Femoral vascular responses to purine and pyrimidine derivatives: release of 5-hydroxytryptamine by purine derivatives in isolated, cross-circulated rat hindlimb.

The mode of actions of the purines, adenosine, adenosine-5'-triphosphate (ATP), guanosine and guanosine-5'-triphosphate (GTP), and the pyrimidines, cytidine, cytidine-5'-triphosphate (CTP), thymidine, thymidine-5'-triphosphate (TTP), uridine and uridine-5'-triphosphate (UTP) was investigated in the isolated hindlimb preparation of the rat. A single injection of adenosine, ATP, GTP or UTP into the femoral artery induced a biphasic response, a prominent vasoconstriction preceded by a transient vasodilatation, whereas guanosine and uridine caused only a vasoconstriction. Cytidine, CTP, thymidine and TTP were almost ineffective on the vascular bed.
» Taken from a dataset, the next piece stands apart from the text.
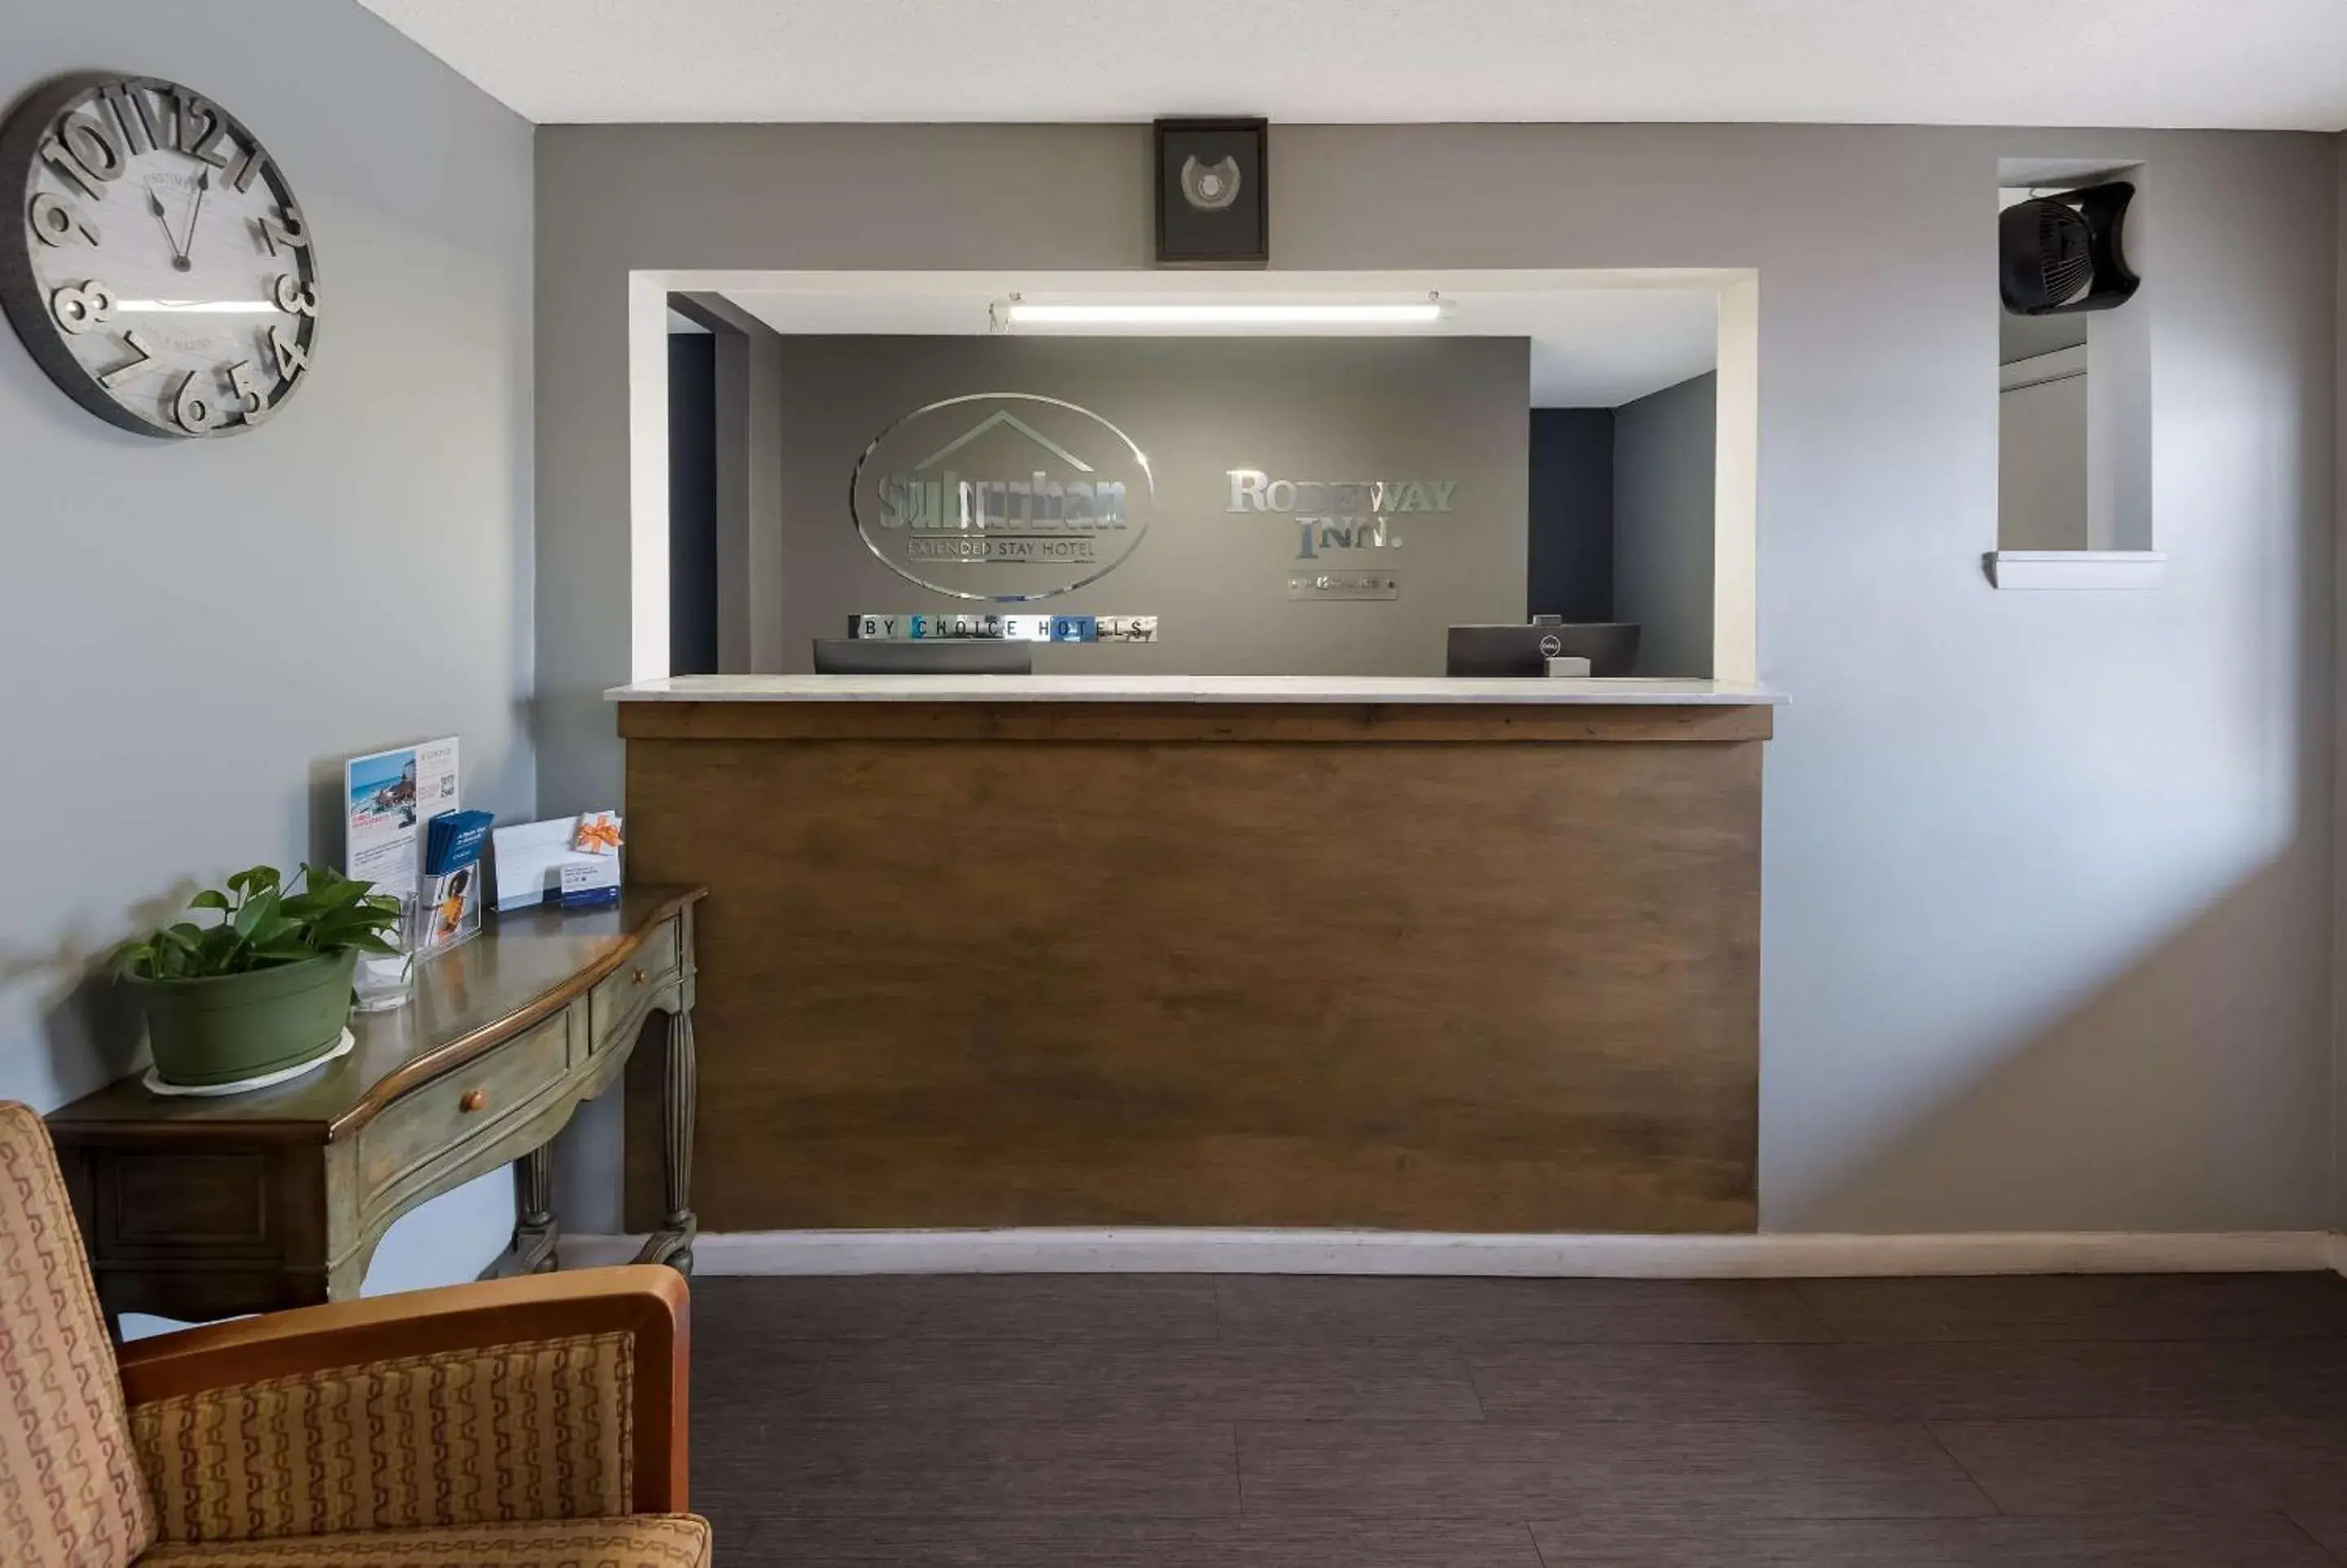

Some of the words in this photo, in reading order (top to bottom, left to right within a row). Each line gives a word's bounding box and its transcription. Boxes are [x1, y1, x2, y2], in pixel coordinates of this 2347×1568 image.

The vasoconstrictor responses to adenosine, ATP, guanosine and GTP were effectively antagonized by either methysergide or reserpine, whereas those to uridine and UTP were not modified by either methysergide or phentolamine. Adenine, D-(-)-ribose and hypoxanthine had no effect on the vascular bed. The 5-hydroxytryptamine (5-HT) release from the hindlimb was fluorometrically determined. The present results provide direct evidence that the vasoconstriction caused by ATP, adenosine, GTP and guanosine is attributed to the release of 5-HT from their stores and that purine nucleotides and nucleosides are capable of releasing 5-HT.